Une équipe d’Australie rappelle que le gouvernement de ce pays a engagé un financement important pour l’essor de la stimulation magnétique transcrânienne répétitive (SMTr) chez les patients atteints d’une dépression résistante au traitement. Mais les auteurs soulignent un problème important : les preuves de l’efficacité de cette intervention en sont encore à leurs balbutiements. Autre préoccupation : plusieurs praticiens ont formulé des craintes concernant l’utilisation de cette SMTr. Alors que l’efficacité de la SMTr est ainsi remise en question, un argument fréquent avancé par ses promoteurs est qu’en raison de sa bonne tolérance, il n’y a aucun mal à l’essayer. Mais les auteurs contestent cette position. Car en plus de son coût « considérable » du point de vue financier, la SMTr aurait aussi un « coût clinique », méconnu et donc négligé.
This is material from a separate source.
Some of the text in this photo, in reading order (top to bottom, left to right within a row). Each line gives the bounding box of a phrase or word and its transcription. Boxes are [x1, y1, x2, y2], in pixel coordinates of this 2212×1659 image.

Efficacité aléatoire et technique chronophage

En pratique, la SMTr est en effet proposée à des patients déprimés présentant un risque de suicide, pour lesquels une thérapie rapide et efficace est indispensable. Mais dans ce cas, proposer un traitement dont l’efficacité n’a pas été réellement prouvée signifie que les patients sont susceptibles de continuer à souffrir. Les auteurs estiment que proposer une thérapie à l’efficacité aléatoire « coûte cher » pour le patient en ce que cela contribue à prolonger l’impact négatif de la dépression sur le cerveau.  Par ailleurs au-delà de son efficacité incertaine et de son rapport bénéfice/coût modeste, cette thérapie se révèle très chronophage pour le praticien, car elle demande une surveillance régulière et prolongée du patient, un temps qu’il serait peut-être plus judicieux de consacrer à une alternative thérapeutique plus efficace.
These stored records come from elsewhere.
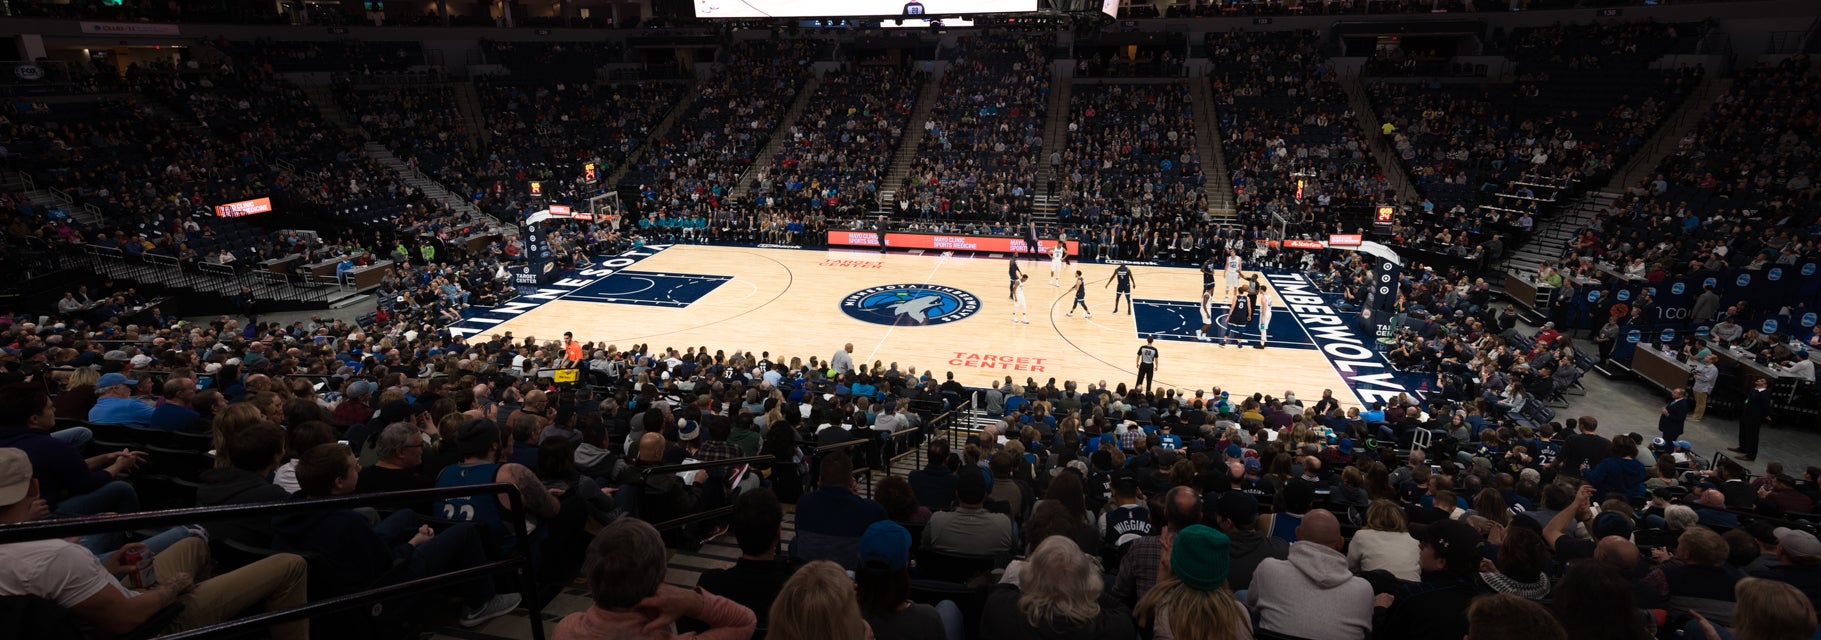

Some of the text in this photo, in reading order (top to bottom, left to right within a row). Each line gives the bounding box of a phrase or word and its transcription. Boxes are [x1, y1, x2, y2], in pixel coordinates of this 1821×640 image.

[845, 284, 977, 322] MINNESOTA TIMBERWOLVES
[1267, 273, 1411, 410] TIMBERWOLVE
[948, 359, 1046, 372] CENTER
[953, 352, 1047, 365] TARGET
[1113, 520, 1152, 535] WIGGINS
L’argument de la bonne tolérance ne suffit pas

Faisant un parallèle avec le cancer, les auteurs déclarent qu’il est déraisonnable de « rester les bras croisés », en proposant une thérapie avec un faible espoir de bénéfice thérapeutique, juste car elle serait « bien tolérée. » Il importe aussi de ne pas délivrer un traitement coûteux, alors que le phénotype clinique sur lequel il serait très efficace n’a pas été identifié. Sans un tel phénotype clinique, on risque en effet d’administrer ce traitement indifféremment à toutes sortes de patients.  Alors que la recherche d’un traitement rapide de la dépression s’avère « essentielle », les auteurs estiment que la tentation d’éviter cette question du rapport bénéfice/coût de la SMTr risquerait au contraire de conduire à une perte de confiance dans la relation thérapeutique, un thème « au cœur de la psychiatrie. »

Dr Alain Cohen

Références
Malhi GS et coll.: What are the real costs of rTMS? Australian & New Zealand Journal of Psychiatry 2021; 55(09): 841–843.